Mumsnet has not checked the qualifications of anyone posting here. If you need help urgently or expert advice, please see our domestic violence webguide and/or relationships webguide. Many Mumsnetters experiencing domestic abuse have found this thread helpful: Listen up, everybody

Marriage over

8 replies

Gossipqueen14 · 14/01/2018 01:23

Together 14 years married 4...1 DC...early 30s.

I adore my husband but the past year I just don't feel like he feels the same about me anymore. Anytime we argue it's my fault and I have to be the one to apologise to smooth things over, but it feels like he goads me into arguemdnts. I don't think there is OW.

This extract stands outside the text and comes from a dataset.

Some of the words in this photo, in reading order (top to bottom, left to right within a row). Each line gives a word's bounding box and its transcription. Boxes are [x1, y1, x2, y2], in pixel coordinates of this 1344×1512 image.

His work mates are younger than him and don't have any commitments. So when they go out every fortnight he can't go he maybe goes out with them once every 8 weeks...but i feel he cares more about them than us.

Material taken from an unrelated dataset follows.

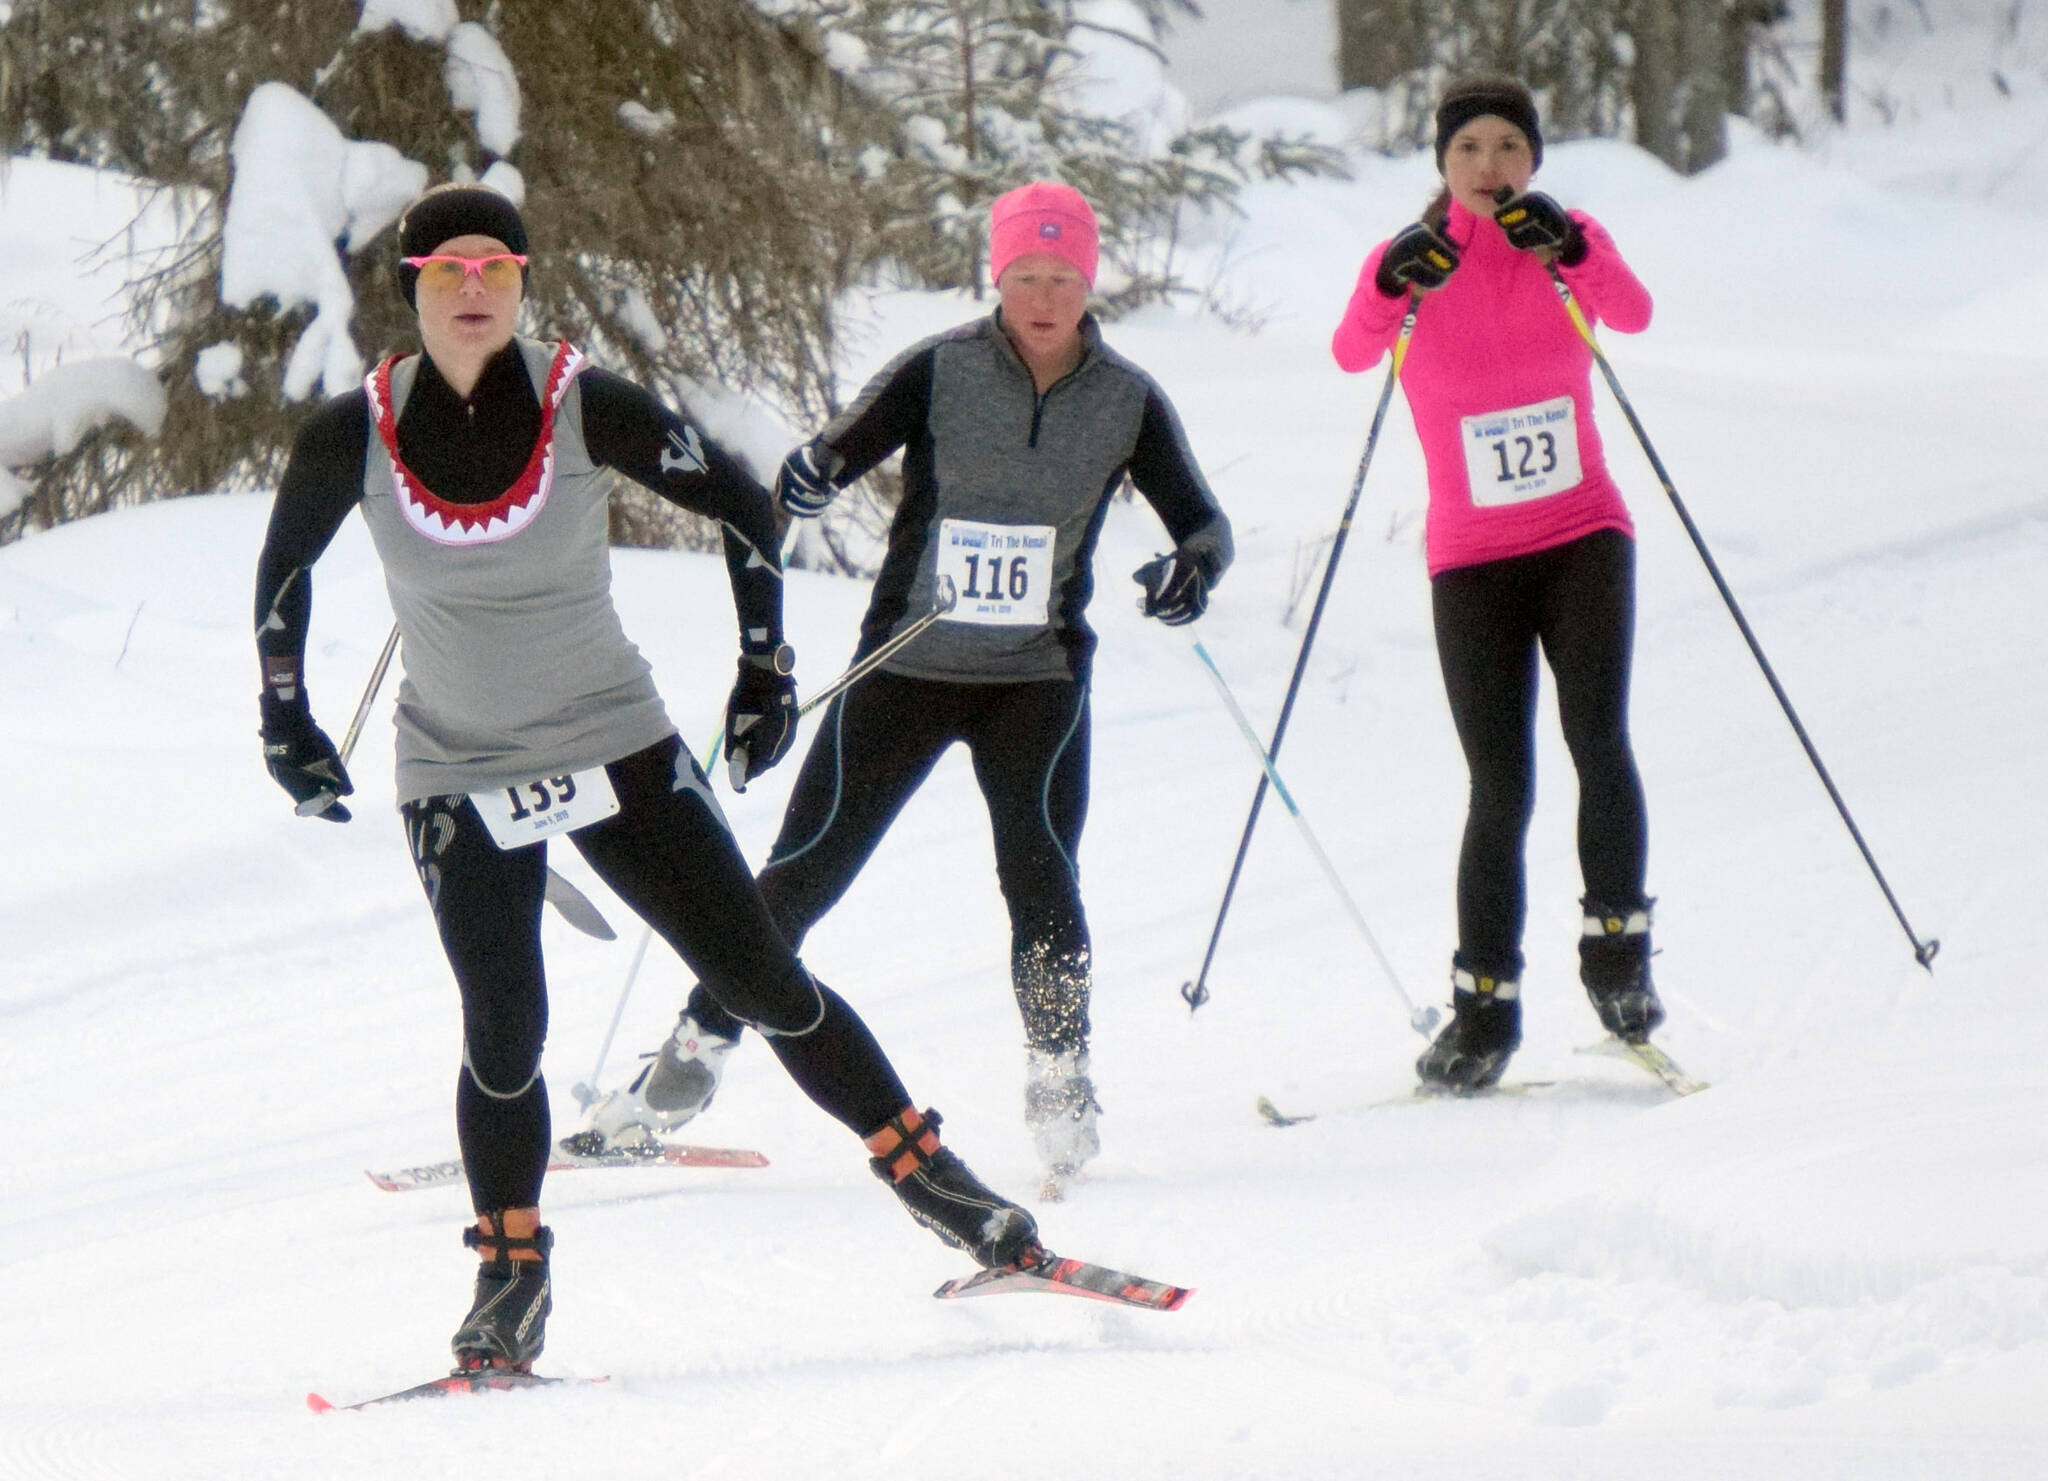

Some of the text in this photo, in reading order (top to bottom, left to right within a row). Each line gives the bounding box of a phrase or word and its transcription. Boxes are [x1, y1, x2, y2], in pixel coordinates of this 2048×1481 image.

[1492, 431, 1558, 482] 123
[991, 534, 1003, 549] Tri
[962, 553, 1028, 600] 116
[506, 774, 577, 822] 139

I have a feeling he will leave this year so how do I prepare myself? I've asked him what's going on and he says nothing all fine he's quite emotionally closed off.

I cry most days as I feel lonely...this year we were meant to try for dc2 but I can tell he isn't fussed 😩 I need to prepare myself finance isn't an issue...it's more my emotional and mental health I'm worried about

OP posts:
EdWest · 14/01/2018 01:48

Oh man, that sounds pretty hard. You say you feel he goads you into arguments; that sounds to me like there's something eating at him. Something he knows you would react badly to, so he tries to make you be horrible. Why? Because he can't bear to be the bad guy against a background of you being relatively blameless. If he can say, well you've been horrible too, it balances whatever he's going to own up to.
That's not very nice maybe, but it's my experience of a partner provoking rows when there's no obvious cause. So I'd try to short-circuit that game and try to get him to tell you straight what's eating him. If he denies it, then tell him the goading has to stop. It's just emotional manipulation.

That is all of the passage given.